Sergei and his children Sofia (13) and Zahar (10) are enjoying the show for the second time.Photo: Hans Jaap Melissen
Power failure or air raid alarm
Just before the show starts at the end of the morning, an announcement is made to remain seated in the event of a power failure: a generator will be started within a few minutes. But everything continues to work.
For more than two hours, a professional spectacle unfolds in front of an almost full house. Acrobats hang, unprotected, high in the rafters. There is a camel act, a cat that has to walk over dogs and a clown that invites people into the arena and plays pranks on them. There are also dancers, sometimes in lingerie, who look more like a nightclub act than a circus act.
Afterwards, dancer Nastya tells in the dressing room that the performance is a hodgepodge of loose circus acts from all over the country. She calls it “incredible and cool” to be able to perform again. They haven’t done that for a long time. “It’s so nice to make people feel good again. There are often people in the audience who have fled from other parts of the country.”
She knows that the air raid siren went off during the show. “But I’m not afraid. When we are busy with our performance, I don’t think about rockets. We turn a button and dance. That is also necessary: we want to give the audience a good atmosphere.”
The dancers of the ballet are all from Zaporizhzhia. For Valery, the war is always close anyway: her husband is a soldier. Doesn’t she think it’s strange that she’s dancing here while he’s fighting? “No, we try to make people happy. And I just earn my money with this, my share of the family income. Also, I’m less stressed about him when I’m busy here.”
She says it also offers a lot of distraction for her daughter Violetta, who is sitting on her phone in a corner of the dressing room with a happy face. “Thanks to the Ukrainian army, which keeps the enemy at bay, we can act here.”
Dancers Valery (left) and Nastya (middle) are happy to be able to perform again.Photo: Hans Jaap Melissen
Life is dangerous in Ukraine
The clown, Alexey Krasnik, also doesn’t mind doing his job while people are in the trenches down the road. “What else are you supposed to do, sit inside and eat? Life goes on.”

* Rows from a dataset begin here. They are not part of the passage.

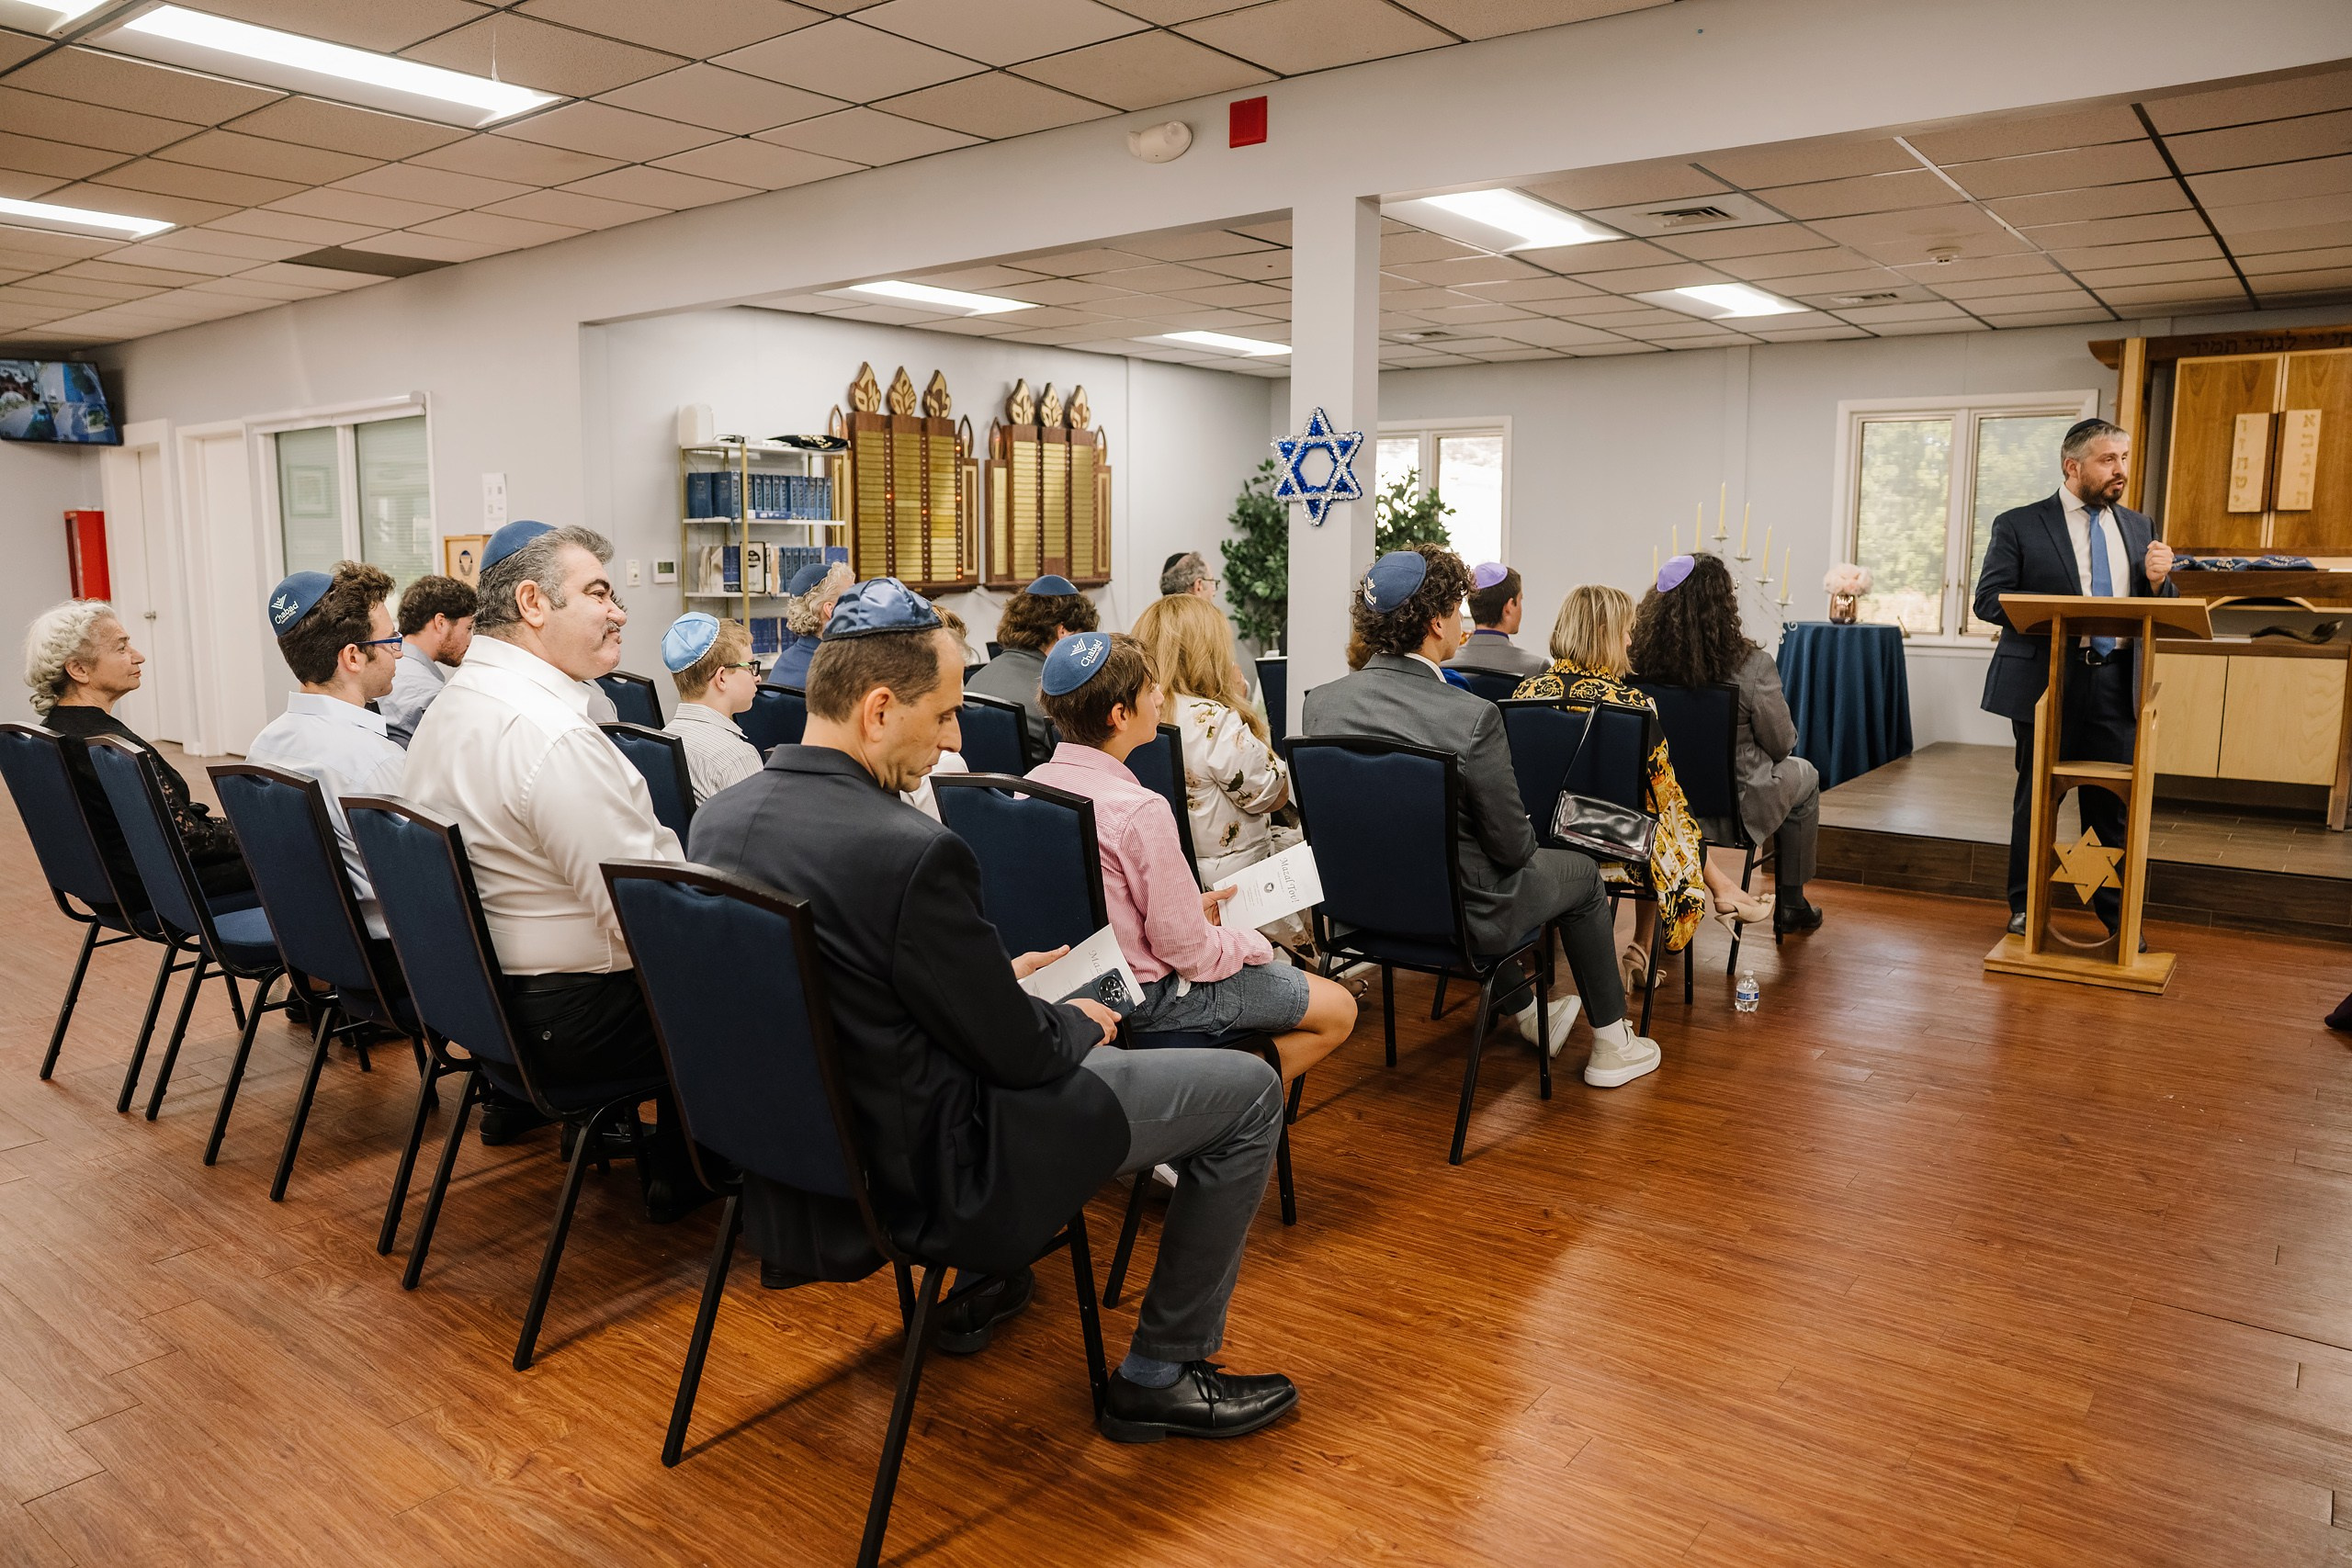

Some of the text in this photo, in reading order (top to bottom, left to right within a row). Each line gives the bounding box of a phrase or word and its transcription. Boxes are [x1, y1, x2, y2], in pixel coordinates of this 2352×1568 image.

[2245, 330, 2297, 351] לנגדי
[275, 600, 300, 625] Chabad
[1080, 638, 1103, 667] Chabad
[1280, 857, 1295, 883] Mazal
[1287, 883, 1300, 903] Tov!
[1089, 949, 1103, 975] Maz

Krasnik is from Kyiv and was a bit worried about coming to Zaporizhzhia, which is closer to the frontline and is more often under attack than Kyiv. Yet he also thinks it is logical that the circus was not shut down when the air raid alarm went off. “If you stop and people have to go outside, a large part will not come back. Because you don’t know how long it will take before the signal comes safely – an hour or half a day. Life is dangerous in Ukraine.”
During this performance, a soldier in uniform sat in one of the front rows. Krasnik saw it. “That happens more often. I’ve also taken a soldier out of the audience and involved him in my act.”
The clown is afraid that the war will go on for a long time. He once enlisted in the army, but was told to wait until he was called up. He doesn’t believe the Russians and Ukrainians will ever get along as well as the dogs and cats on the show. “Too much has happened.”
For clown Alexey, the war is no reason to sit quietly at home. Photo: Hans Jaap Melissen
Victory show is going to be a big thing
Dancer Valery believes that Ukraine will win the war. When that happens, the circus comes with a special show. “It will be something big, something incredible. With references to victory in it. Oh yes, and may I add something? Russia is the terrorist state of the world. Glory to Ukraine!”
The circus has now emptied. Children were allowed to sit on the backs of the camels in the arena or to pet them. Alena and Sergei’s family has already gone outside. The sun shines. They may return for a third time.